Dans le passé, son travail de vente dans une entreprise d’aliments emballés l’a amenée à des conférences d’affaires partout dans le monde. Mais elle n’a pas quitté la Chine depuis début 2020 et prend ses appels commerciaux en ligne plutôt qu’en personne en Thaïlande, en Allemagne, au Maroc et ailleurs.

Alors que la plupart des pays ont rouvert leurs frontières et repris les voyages pour revenir aux niveaux antérieurs au Covid, la Chine est restée extrêmement conservatrice dans son approche et continue d’adhérer à une politique « zéro-Covid » stricte et sans compromis.

Bien que ces politiques maintiennent les Chinois à l’intérieur, elles empêchent également la plupart des étrangers d’entrer, ce qui rend moins probable que des personnes comme Yu interagissent avec des personnes d’autres pays.

Et bien que la Chine n’ait toujours pas annoncé de plan pour supprimer la quarantaine et les autres obstacles aux voyages internationaux, Yu a hâte de reprendre la route et de voyager à nouveau.

Il y a une exception, cependant – elle a de grandes réserves à l’idée de visiter les États-Unis.

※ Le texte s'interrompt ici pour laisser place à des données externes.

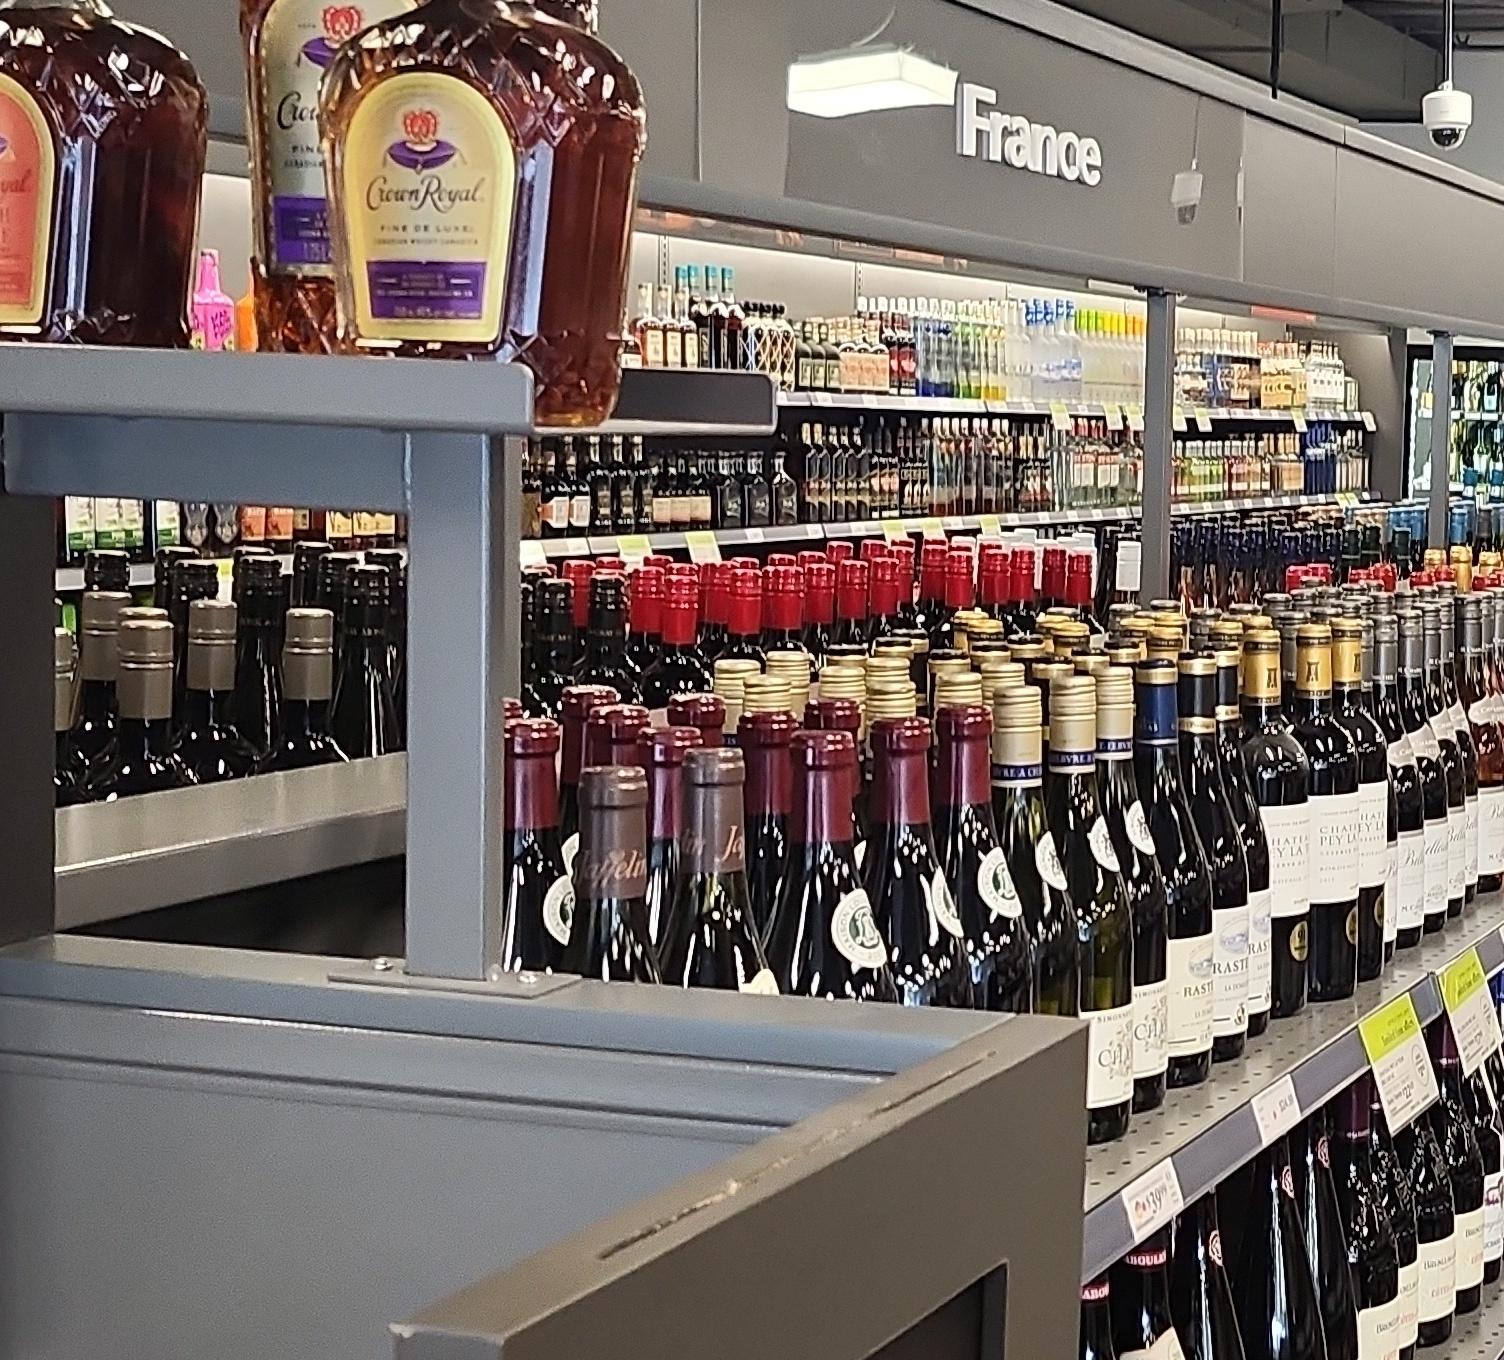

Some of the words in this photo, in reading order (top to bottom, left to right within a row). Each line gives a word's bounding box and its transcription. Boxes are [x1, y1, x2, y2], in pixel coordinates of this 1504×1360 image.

[956, 83, 1102, 187] France
[366, 176, 420, 211] Crown
[410, 175, 485, 213] Royal

Comment l’Orient regarde l’Occident

Scott Moskowitz, analyste des risques géopolitiques pour l’APAC à la société de renseignement décisionnel Morning Consult, affirme que les médias contrôlés par l’État en Chine ont diffusé des exemples de violence anti-asiatique aux États-Unis afin de rendre leurs citoyens moins intéressés à s’y rendre.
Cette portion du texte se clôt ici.